Lessons from a night on the town…

2 Jul

Last night, when I went to the pub, I had a couple of revelations and I felt that I ought to share at them with you as they relate (like everything in life) to feminism. As a very occasional drinker (Im talking like 1 glass of wine every six months) I am often the only sober person on a night out. I don’t really have a problem with other people drinking, in fact its sometimes nice when other people are a bit drunk, as they can become more sociable. It’s just that I, myself, have a number of reasons to steer clear.

Hanging out with a bunch of drunken musicians, I had a moment to reflect on the situation I found myself in and came up with what I think is a brilliant analogy.  I realised that being a feminist in contemporary society is similar to being a sober person in a room full of drinkers. Being sober you are conscious of everything going on around you, from the guy who thinks he’s subtly coming on to you to the woman who is being coerced into going home with a stranger. Though often times you can have just as much fun when you’re not drunk, sometimes it does get you down that everyone around you has stopped articulating words or making full sentences. It becomes particularly uncomfortable when people do anti-social things or you see others, particularly women, finding themselves in vulnerable situations and there’s nothing you can do.

In identifying yourself as a feminist you automatically become the sober person in the bar at midnight. You are still very capable of operating normally in society, having fun and participating, sometimes more fully, in every aspect of daily life. However you are always alert. You notice when things are not right, when someone makes a sexist slur or there’s a story in the newspaper about a subject particularly relevant to women’s rights. As a feminist you can still enjoy yourself but you have a heightened awareness, its difficult to have the same reckless abandonment that you may have if you didn’t think deeply about social injustice.

The feminist is the sober person in the pub who is often frustratingly aware of all that is going on around her. So, though I don’t mind alcohol in some situations, it is in this analogical instance where I take issue with the drinkers. I really don’t think its fair that feminists to have to constantly play the moral police, or for women to have to be on constant alert purely because of their gender. And, unlike being the sober person in the pub, the feminist can never just leave and go home. Being a feminist in a patriarchal society is a 24/7 experience and that’s what makes it so disheartening and exhausting at times.

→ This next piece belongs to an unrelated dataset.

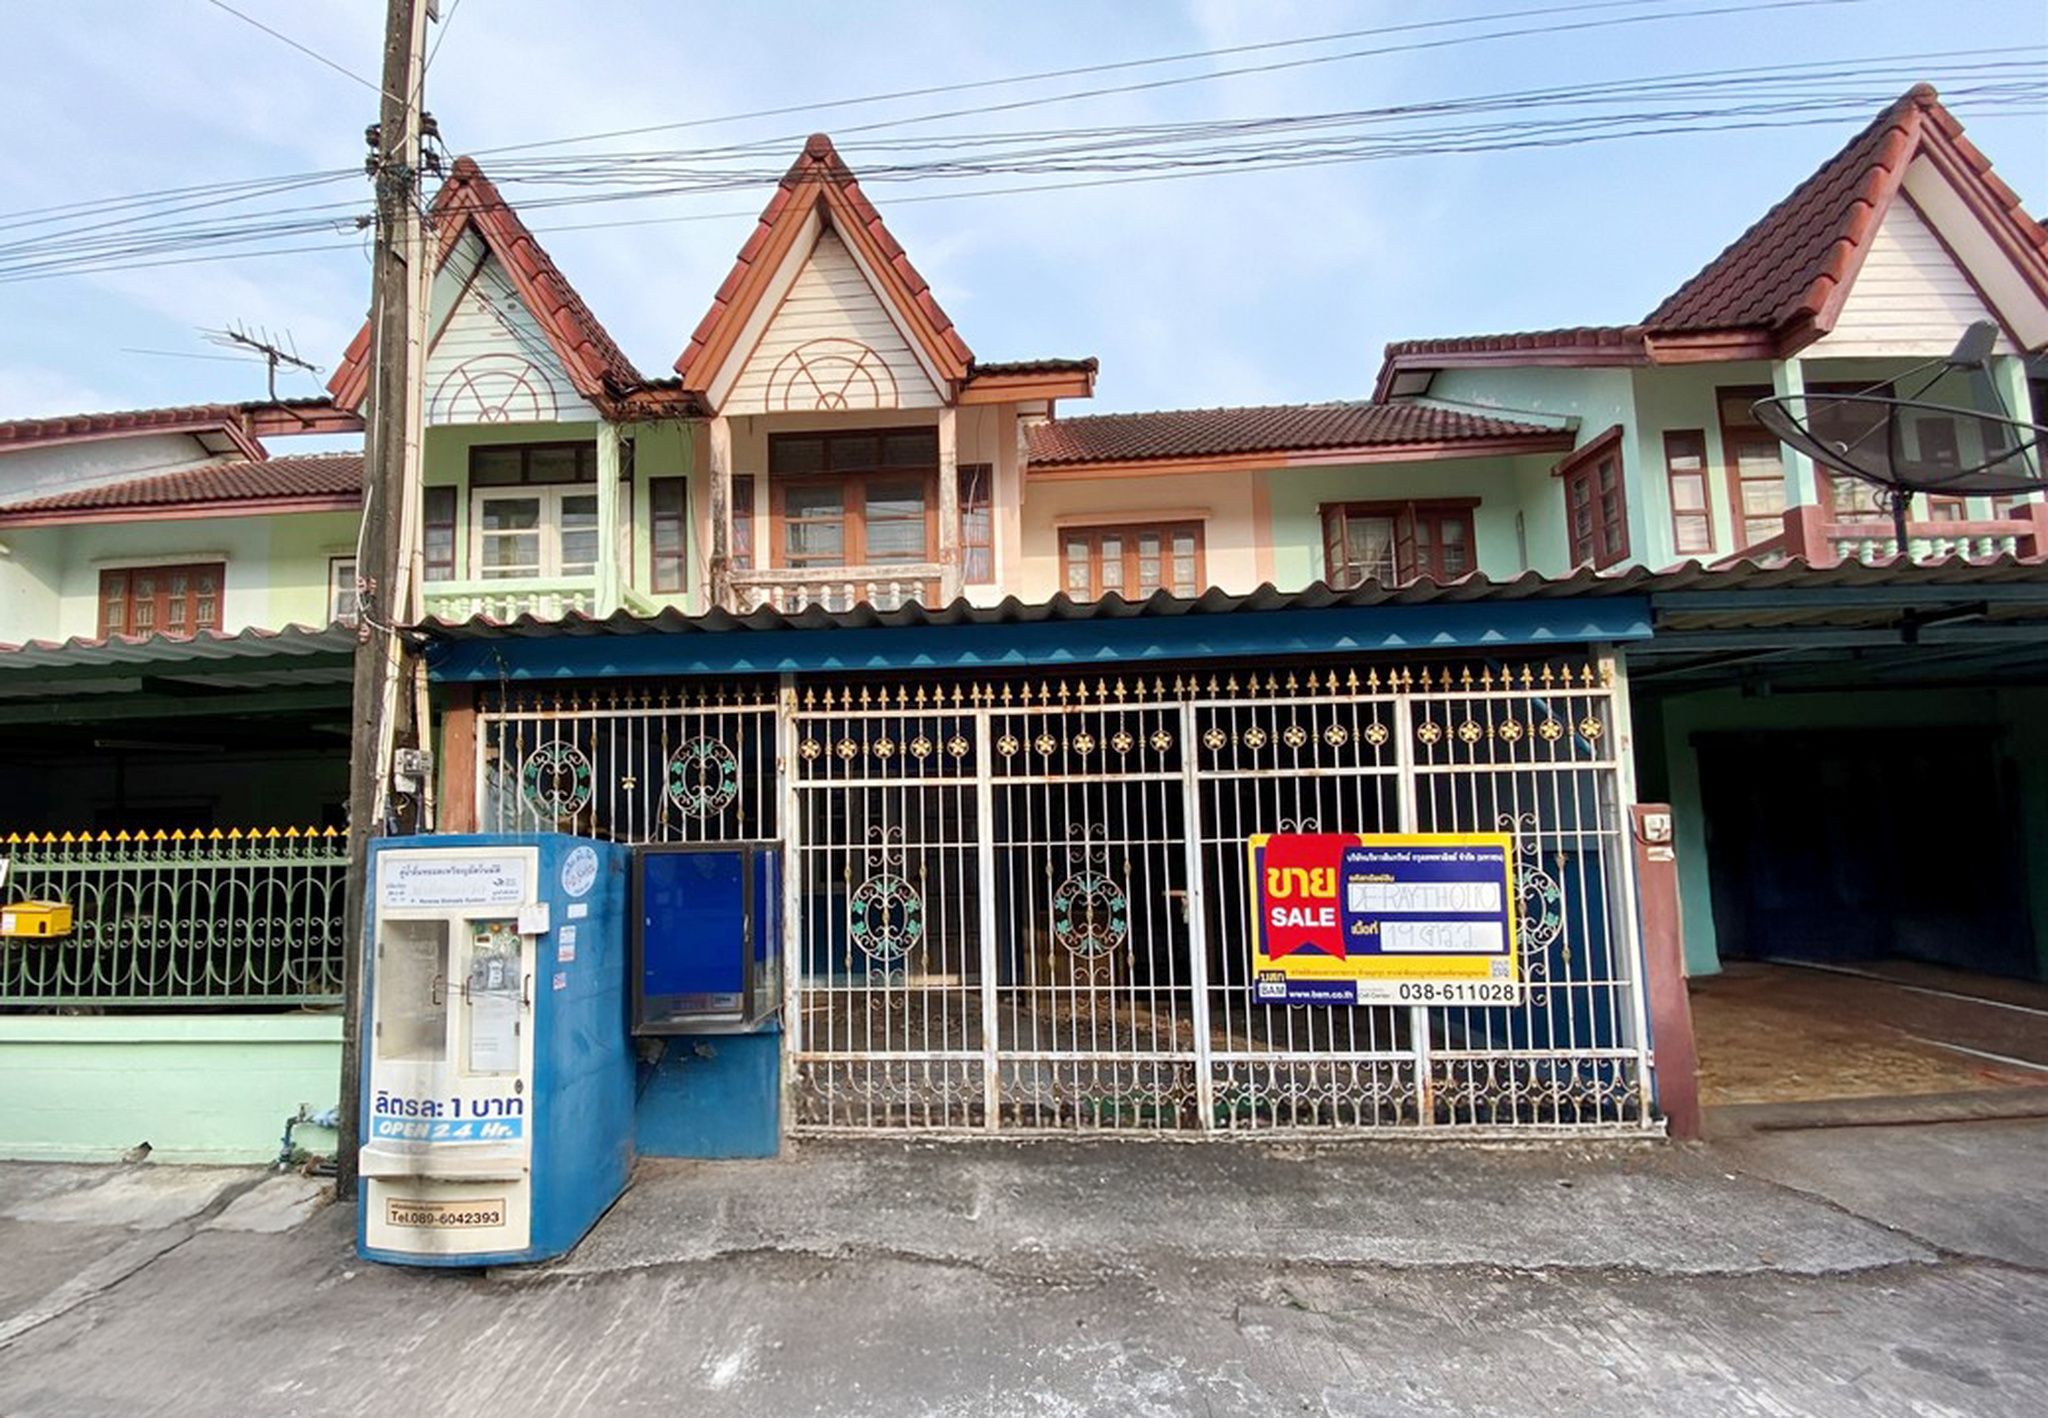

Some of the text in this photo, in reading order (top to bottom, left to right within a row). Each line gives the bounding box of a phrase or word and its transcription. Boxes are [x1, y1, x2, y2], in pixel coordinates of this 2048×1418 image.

The second thing I noticed on my night out is how alcohol serves as a perfect amplification of sexist tendencies. Not only does it bring out a sometimes nasty, sometimes affable character in the person who has consumed it, it also does away with inhibition. Some think everyone should be free to speak whatever is on their mind, however I would prefer people abide by some form of societally encouraged behaviour. This includes political correctness, restraint and diplomacy. This does not include sexist jokes, lingering unwanted body contact or drunken lectures. Unfortunately for me, last night was a whole lot of the latter and not so much of the former. Now, one can’t blame alcohol for assholes. However, just like religion, alcohol provides a cover for people to do ass-holic things with a fair amount of impunity.

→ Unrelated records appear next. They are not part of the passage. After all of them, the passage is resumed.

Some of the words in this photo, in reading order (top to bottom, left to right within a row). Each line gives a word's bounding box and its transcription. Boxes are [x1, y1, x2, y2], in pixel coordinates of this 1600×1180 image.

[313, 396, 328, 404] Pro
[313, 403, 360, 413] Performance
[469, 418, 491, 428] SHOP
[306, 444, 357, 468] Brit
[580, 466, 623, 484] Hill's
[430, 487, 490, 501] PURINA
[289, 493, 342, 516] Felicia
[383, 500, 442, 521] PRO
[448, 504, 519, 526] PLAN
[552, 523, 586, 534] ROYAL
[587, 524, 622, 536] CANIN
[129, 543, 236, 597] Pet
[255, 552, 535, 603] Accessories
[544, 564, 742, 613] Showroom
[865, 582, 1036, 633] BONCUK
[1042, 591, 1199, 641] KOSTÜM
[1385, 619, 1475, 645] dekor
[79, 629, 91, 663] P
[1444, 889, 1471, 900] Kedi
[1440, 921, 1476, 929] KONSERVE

On my night out I was followed around by a man double my age who insisted on lecturing me about how to live my life. It wasn’t enough for him to keep putting his hand on my waist or say inappropriate things trying to make me blush, no no no, he then had to tell me how to live. Now you can’t have it all Im afraid, you either want to pretend you’re my age to try and lure me home with you OR you can try and be the parental figure. But the two will never, and should never, mix. This lethal combination of condescension and objectification is a common mix for relations between men and women but is forcefully displayed, in all its glory, on a night out.

So, on my night out I was ever so privileged to view our society through a magnifying glass. The soberest person in the pub AND the woman who ‘needed minding’ were two roles I played last night and I didnt enjoy either of them very much. It’s one thing to be fighting for women’s rights with other like minded people but its a totally different thing experiencing the issues in real life. Last night made me further determined to try and eliminate gender inequality. If nothing else, Ill be grateful when the day comes that alcohol isn’t served with a side of patronising objectification.